The answer must repeat every record exactly, with all pictures omitted.

Stored data entries:
——————————
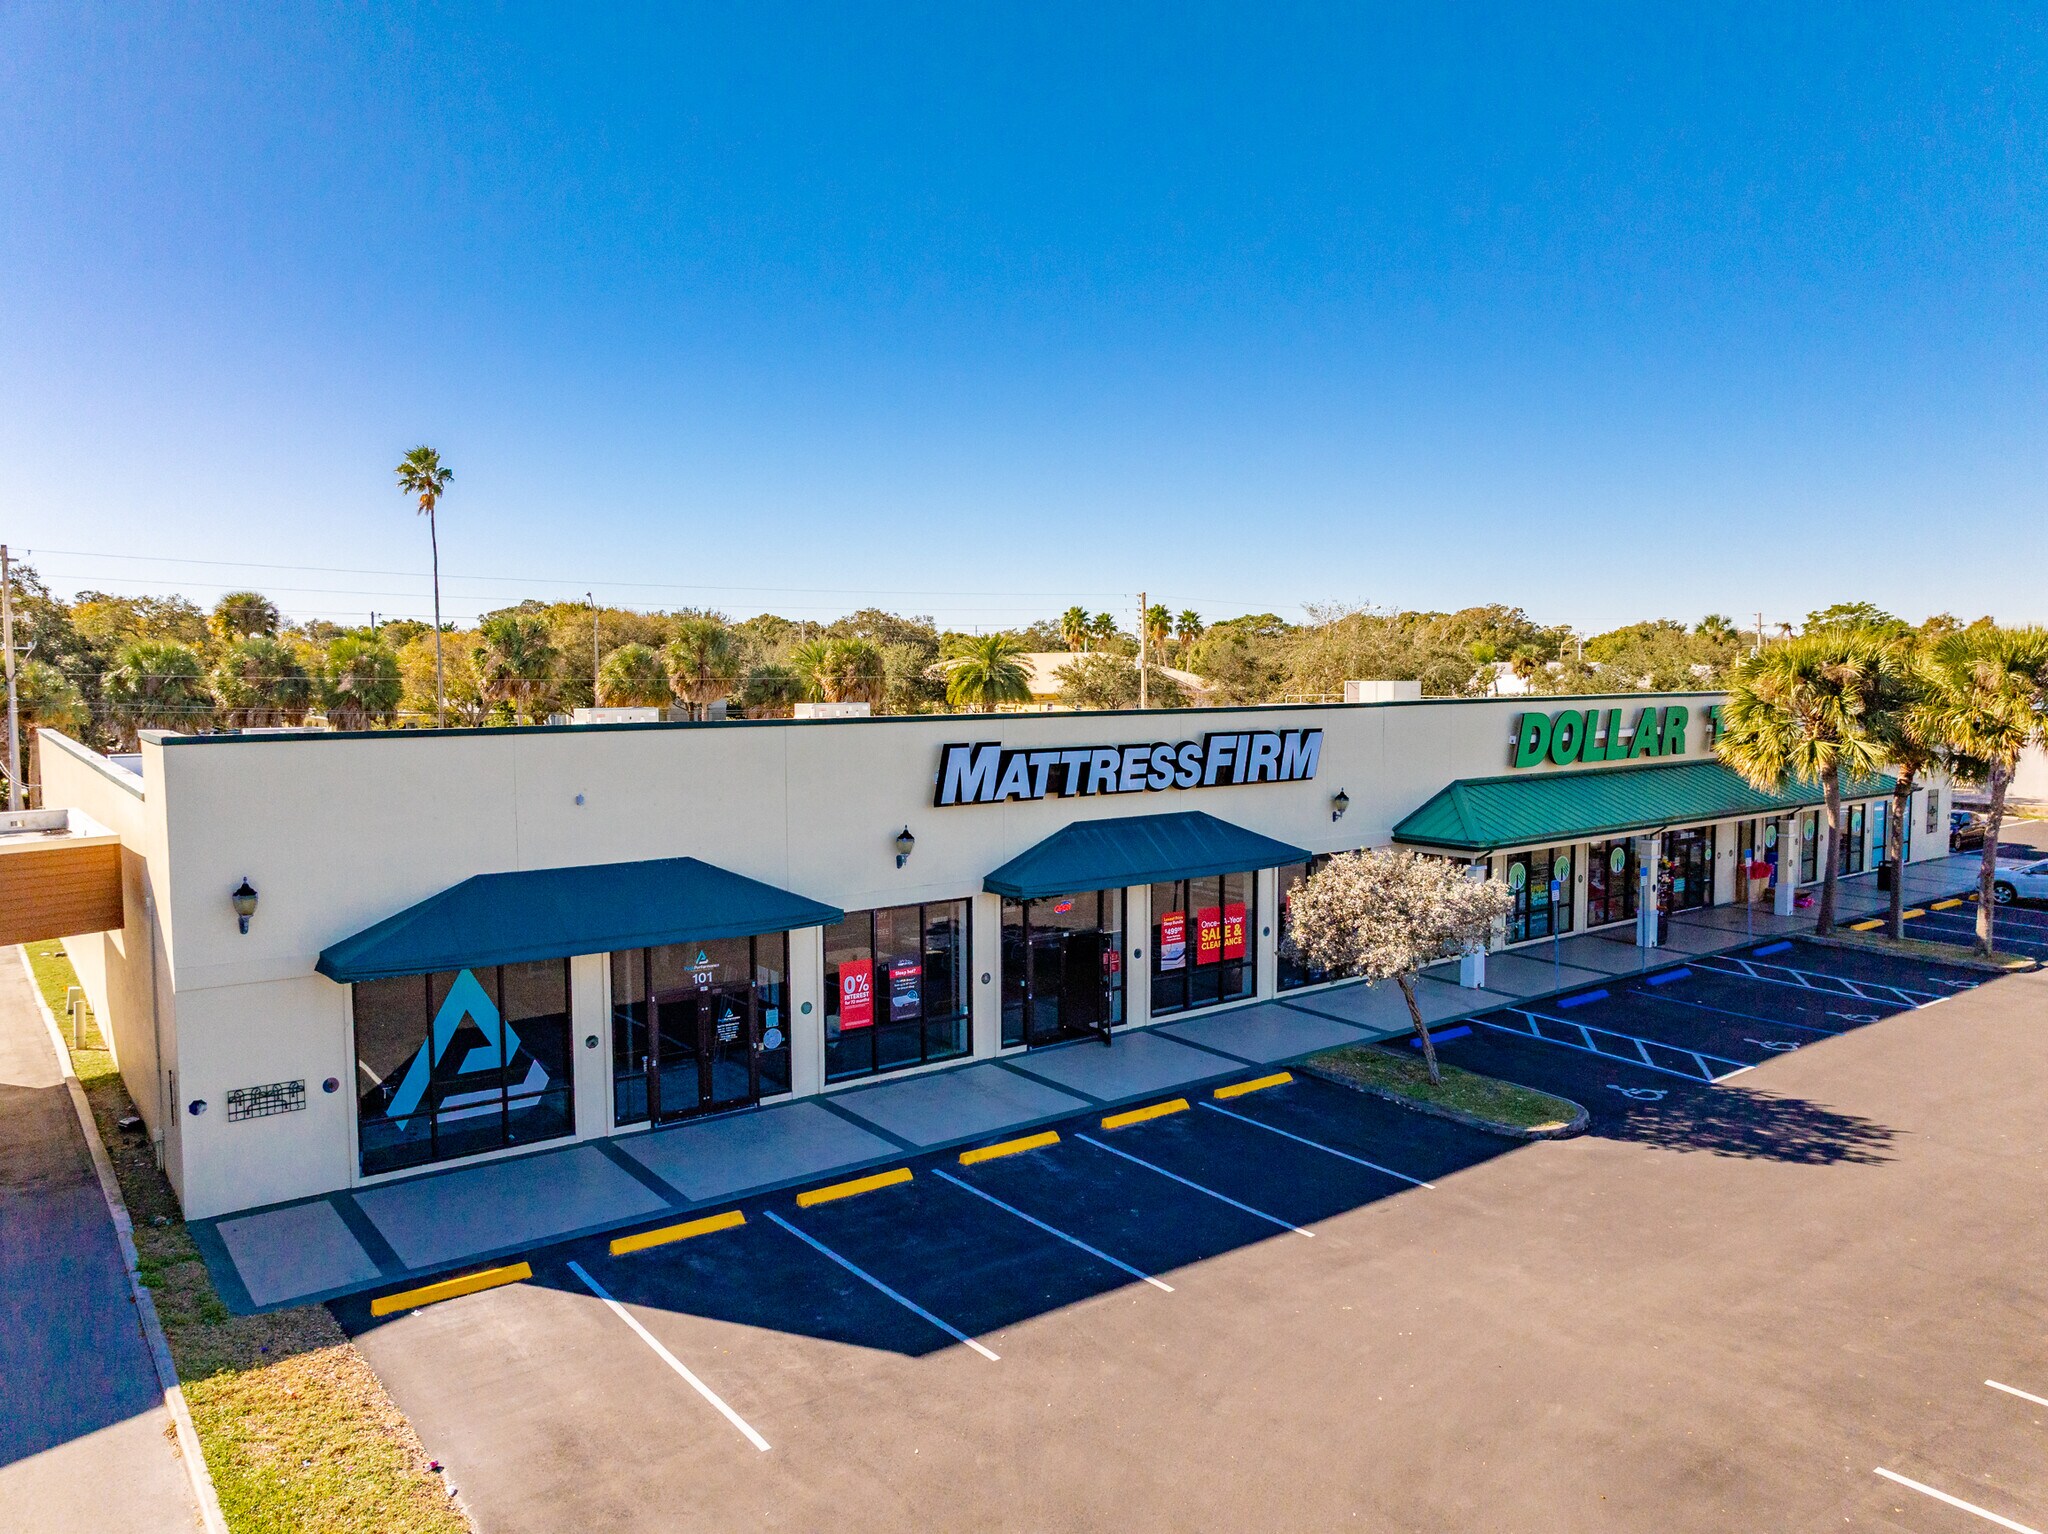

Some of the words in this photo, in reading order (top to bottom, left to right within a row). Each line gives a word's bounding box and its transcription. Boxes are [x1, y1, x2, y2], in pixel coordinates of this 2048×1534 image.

[1515, 705, 1689, 768] DOLLAR
[1201, 925, 1232, 942] SALE
[1233, 923, 1242, 937] &
[692, 971, 713, 984] 101
[844, 973, 870, 995] 0%
[844, 991, 870, 1001] INTEREST
——————————
RESULT:
Some of the words in this photo, in reading order (top to bottom, left to right within a row). Each line gives a word's bounding box and its transcription. Boxes are [x1, y1, x2, y2], in pixel coordinates of this 2048×1534 image.

[1515, 705, 1689, 768] DOLLAR
[1201, 925, 1232, 942] SALE
[1233, 923, 1242, 937] &
[692, 971, 713, 984] 101
[844, 973, 870, 995] 0%
[844, 991, 870, 1001] INTEREST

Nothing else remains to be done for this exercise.